Make the references to the figure a bit more clear.

mplzik · mplzik · commit 8a724f966e9a · 2023-10-31T14:52:37.000+01:00
Signed-off-by: Milan Plzik &lt;milan.plzik@grafana.com&gt;
diff --git a/content/en/blog/_posts/the-case-for-kubernetes-limits/index.md b/content/en/blog/_posts/the-case-for-kubernetes-limits/index.md
@@ -37,11 +37,11 @@ Note that in both cases discussed above, we’re effectively preventing the work
 ### Bin-packing and cluster resource allocation
 Firstly, let’s discuss bin-packing and cluster resource allocation. There’s some inherent cluster inefficiency that comes to play – it’s hard to achieve 100% resource allocation in a Kubernetes cluster. Thus, some percentage will be left unallocated.
 
-When configuring fixed-fraction headroom limits, a proportional amount of this will be available to the pods. If the percentage of unallocated resources in the cluster is lower than the constant we use for setting fixed-fraction headroom limits (2), all the pods together are able to theoretically use up all the node’s resources; otherwise there are some resources that will inevitably be wasted (1). In order to eliminate the inevitable resource waste, the percentage for fixed-fraction headroom limits should be configured so that it’s at least equal to the expected percentage of unallocated resources.
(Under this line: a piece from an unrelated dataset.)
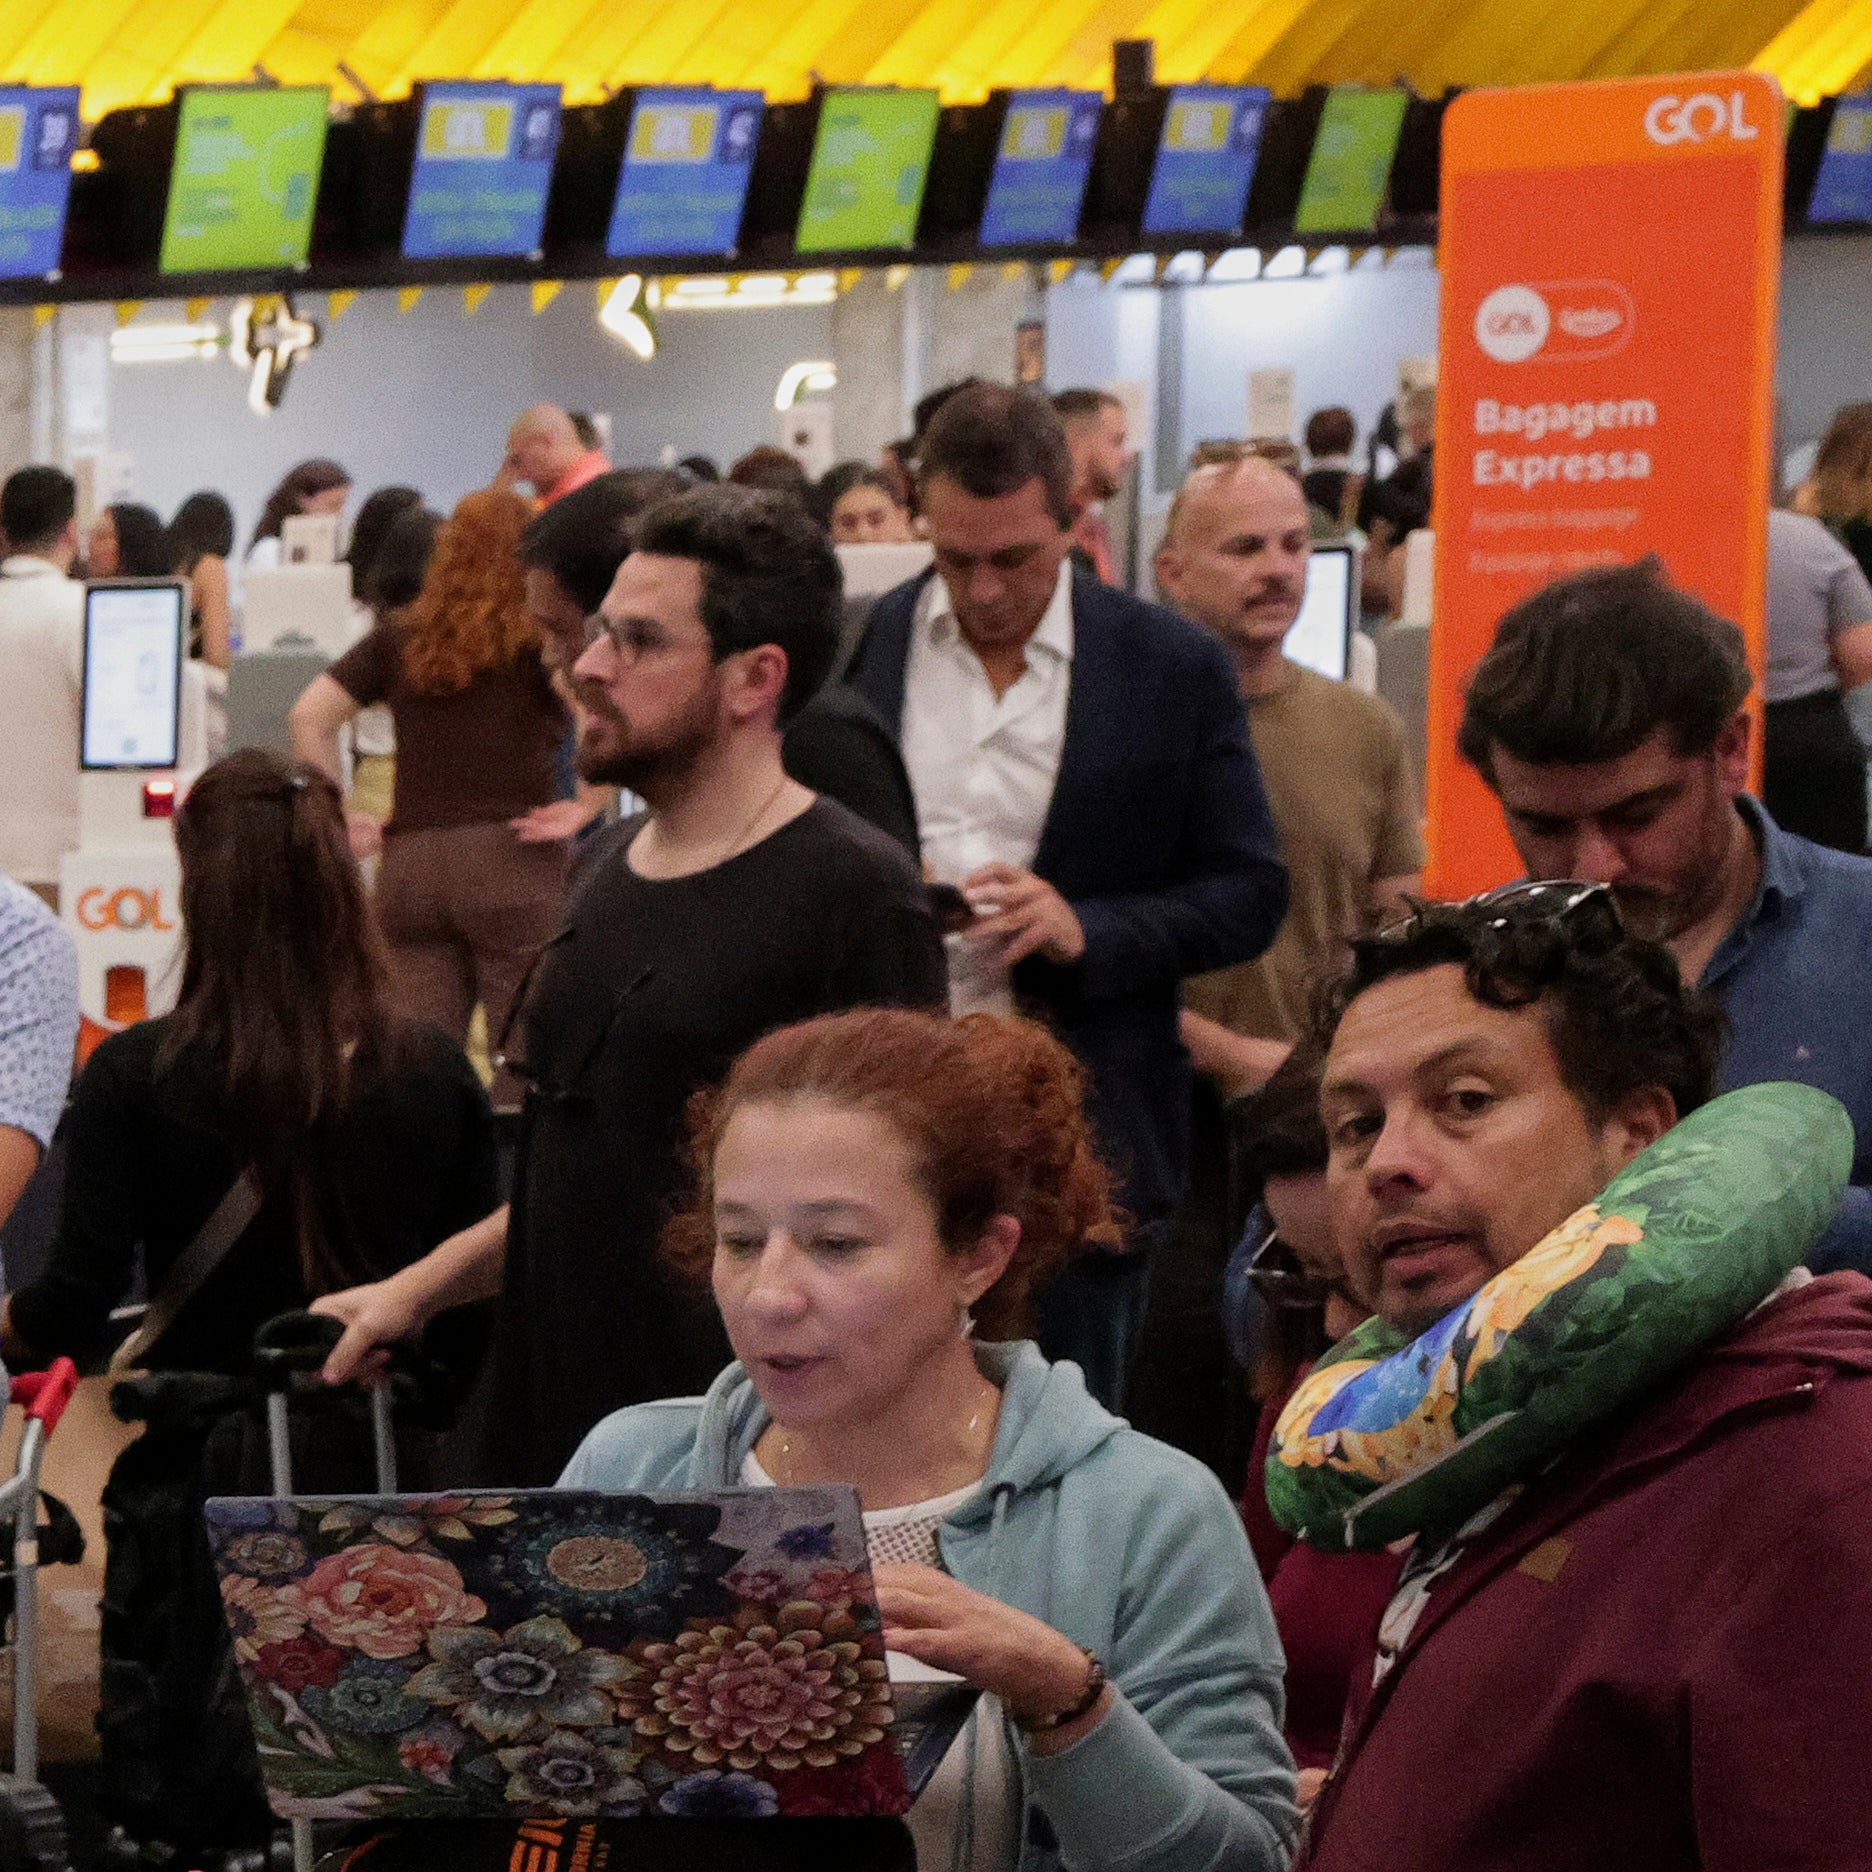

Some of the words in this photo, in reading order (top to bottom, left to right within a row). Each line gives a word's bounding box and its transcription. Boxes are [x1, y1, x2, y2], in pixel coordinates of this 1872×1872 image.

+When configuring fixed-fraction headroom limits, a proportional amount of this will be available to the pods. If the percentage of unallocated resources in the cluster is lower than the constant we use for setting fixed-fraction headroom limits (see the figure, line 2), all the pods together are able to theoretically use up all the node’s resources; otherwise there are some resources that will inevitably be wasted (see the figure, line 1). In order to eliminate the inevitable resource waste, the percentage for fixed-fraction headroom limits should be configured so that it’s at least equal to the expected percentage of unallocated resources.
 
 {{<figure alt="Chart displaying various requests/limits configurations" width="40%" src="requests-limits-configurations.svg">}}
 
-For requests = limits (3), this does not hold: Unless we’re able to allocate all node’s resources, there’s going to be some inevitably wasted resources. Without any knobs to turn on the requests/limits side, the only suitable approach here is to ensure efficient bin-packing on the nodes by configuring correct machine profiles. This can be done either manually or by using a variety of cloud service provider tooling – for example [Karpenter](https://karpenter.sh/) for EKS or [GKE Node auto provisioning](https://cloud.google.com/kubernetes-engine/docs/how-to/node-auto-provisioning).
+For requests = limits (see the figure, line 3), this does not hold: Unless we’re able to allocate all node’s resources, there’s going to be some inevitably wasted resources. Without any knobs to turn on the requests/limits side, the only suitable approach here is to ensure efficient bin-packing on the nodes by configuring correct machine profiles. This can be done either manually or by using a variety of cloud service provider tooling – for example [Karpenter](https://karpenter.sh/) for EKS or [GKE Node auto provisioning](https://cloud.google.com/kubernetes-engine/docs/how-to/node-auto-provisioning).
 
 ### Optimizing actual resource utilization
 Free resources also come in the form of unused resources of other pods (reserved vs. actual CPU utilization, etc.), and their availability can’t be predicted in any reasonable way. Configuring limits makes it next to impossible to utilize these. Looking at this from a different perspective, if a workload wastes a significant amount of resources it has requested, re-visiting its own resource requests might be a fair thing to do. Looking at past data and picking more fitting resource requests might help to make the packing more tight (although at the price of worsening its performance – for example increasing long tail latencies).